The researchers evaluated the performance of the AI system on a large dataset of over 26,000 pathology reports from patients with colorectal cancer, breast cancer, and lung cancer. They found that the AI system achieved high accuracy and consistency in extracting the data elements, compared to manual methods and existing tools.
The AI system can also generate standardized and structured reports that can be easily uploaded to population-level databases, such as the Victorian Cancer Registry. This can facilitate cancer surveillance and research, as well as inform clinical decision making and treatment planning.

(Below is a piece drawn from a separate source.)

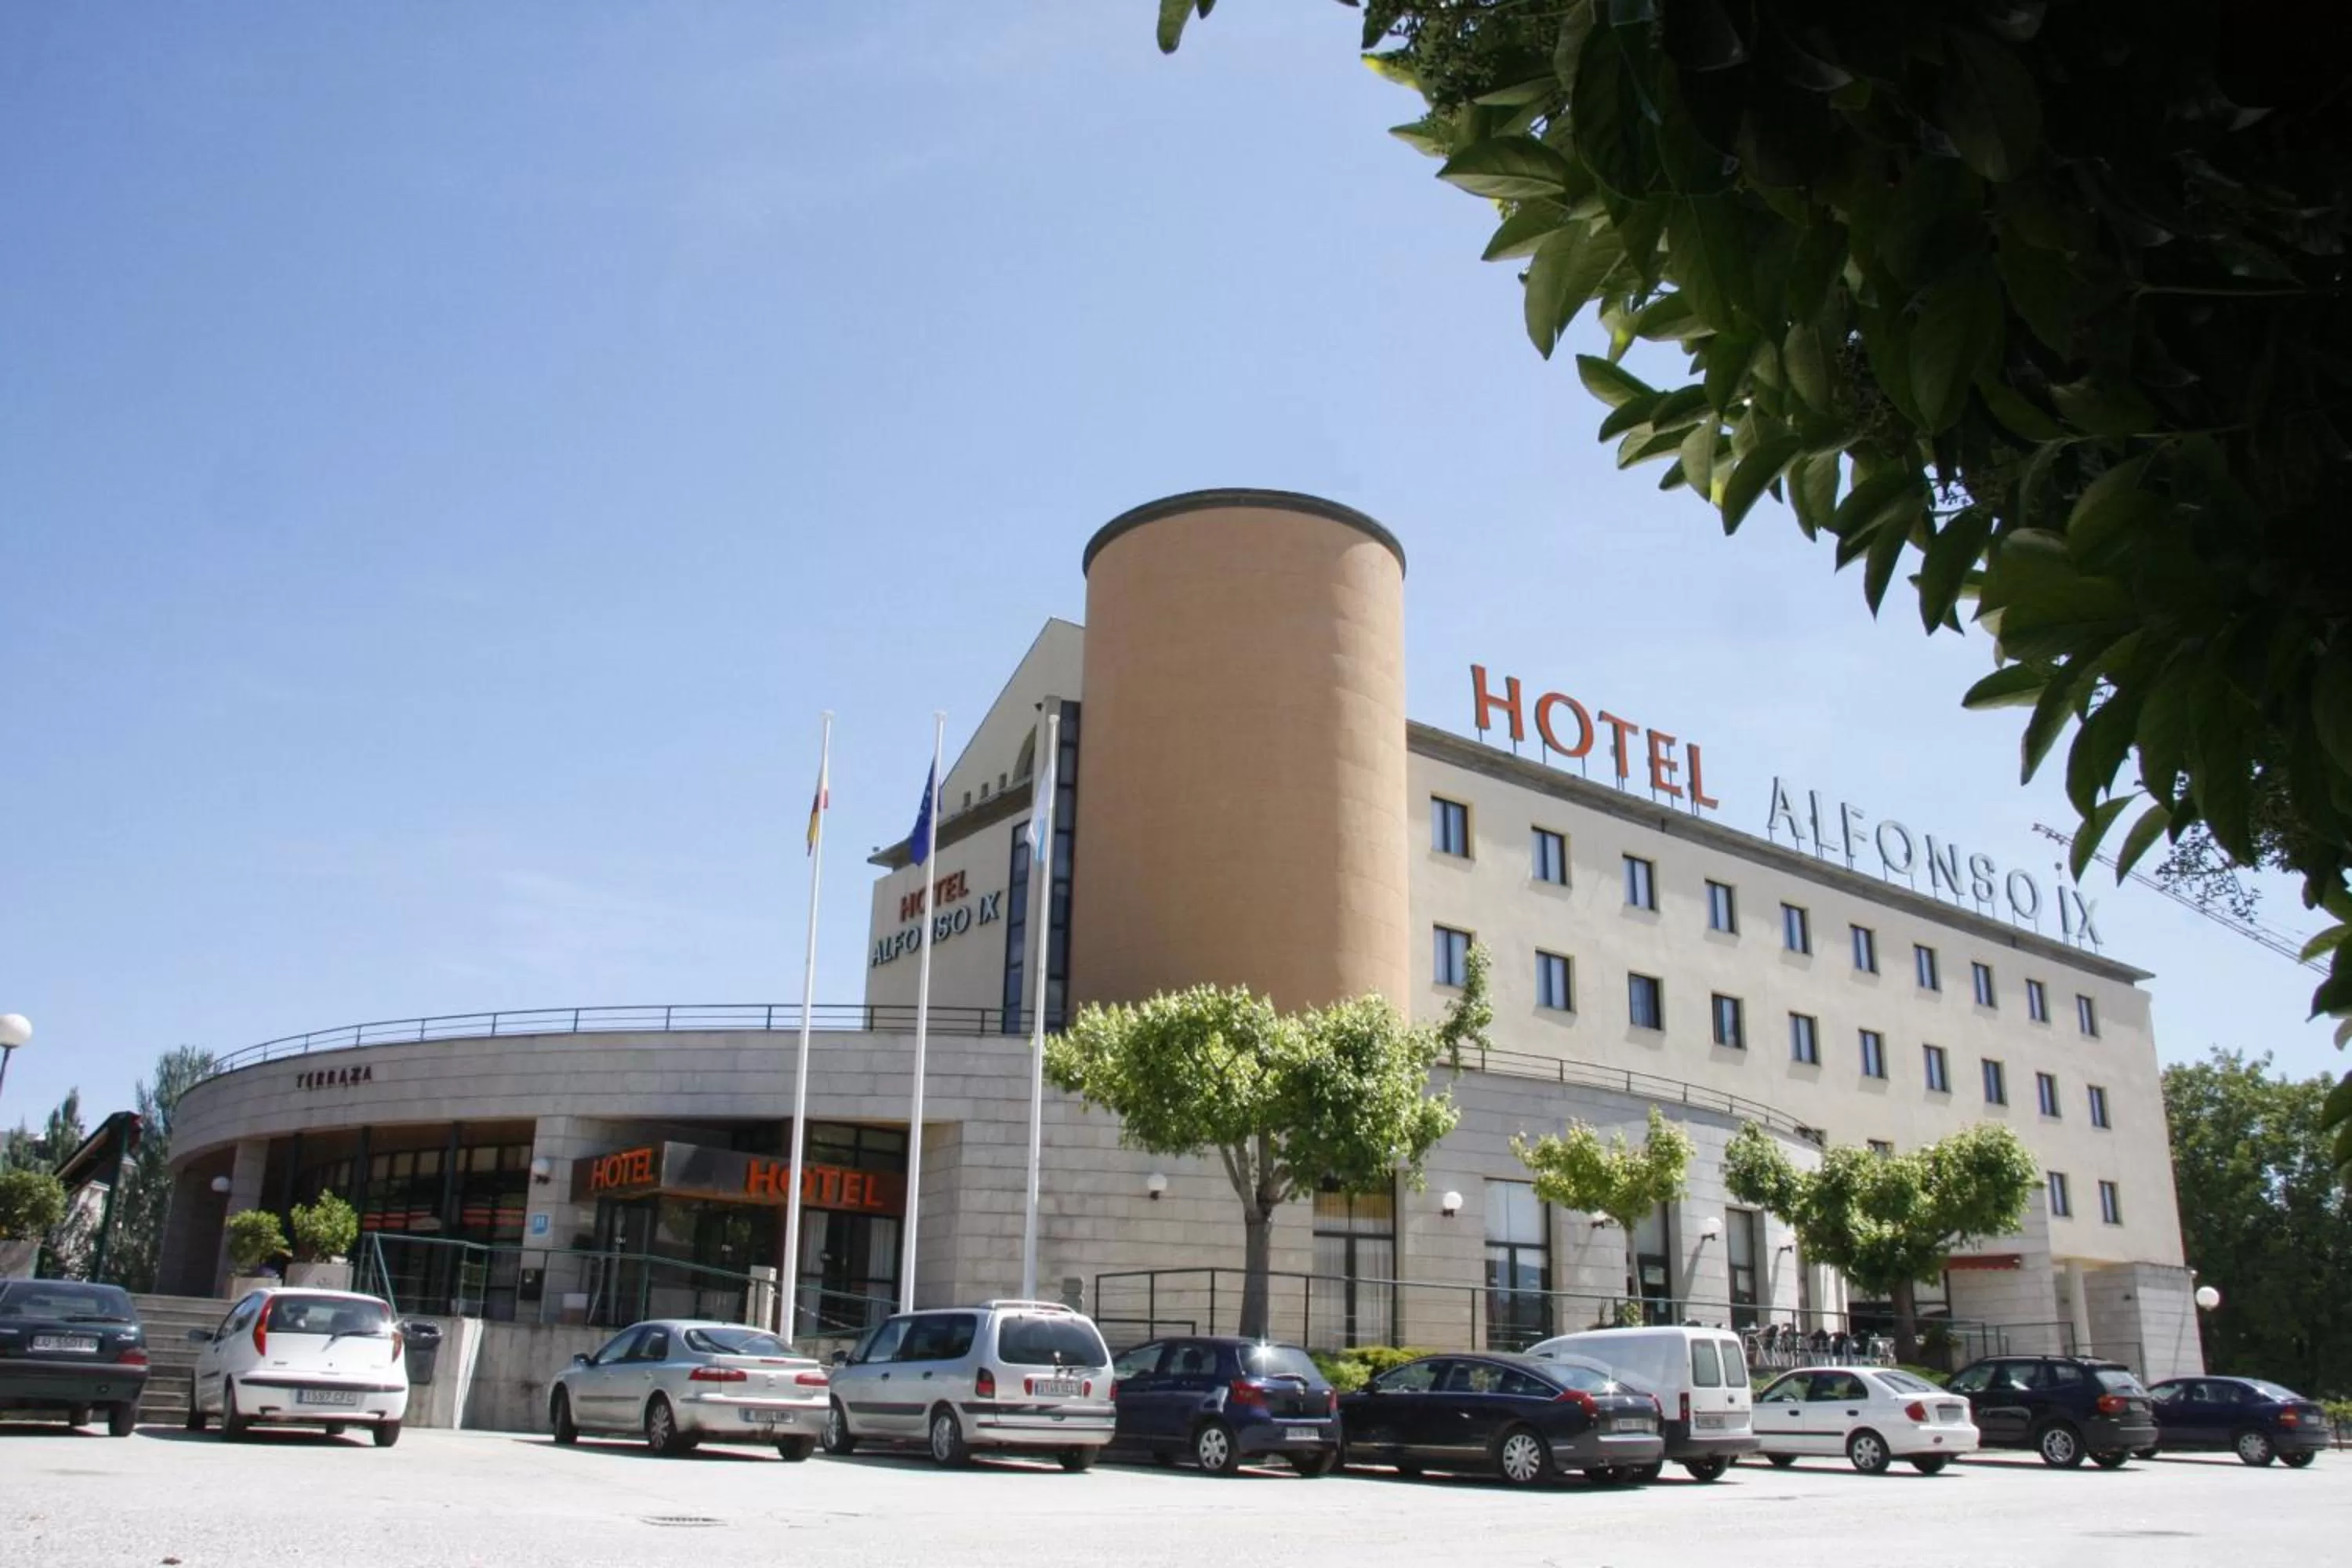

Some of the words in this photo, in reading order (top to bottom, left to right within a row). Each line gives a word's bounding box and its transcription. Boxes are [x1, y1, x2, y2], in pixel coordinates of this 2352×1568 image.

AI Enhances Cancer Care and Prevention
The researchers believe that the AI system can enhance cancer care and prevention by providing timely and accurate information to clinicians and patients. For example, the AI system can help identify patients who are at high risk of cancer relapse or metastasis, and suggest appropriate follow-up tests or treatments. The AI system can also help monitor the effectiveness and side effects of different therapies, and provide personalized recommendations based on the patient’s characteristics and preferences.
Additionally, the AI system can help prevent cancer by identifying potential risk factors and screening candidates. The AI system can analyze the patient’s medical history, family history, lifestyle, and genetic factors, and provide tailored advice on how to reduce the risk of developing cancer or detect it early.
The researchers hope that the AI system can be integrated into the clinical workflow and improve the quality and efficiency of cancer pathology reporting. They also plan to extend the AI system to other types of cancer and other medical domains, such as radiology and surgery.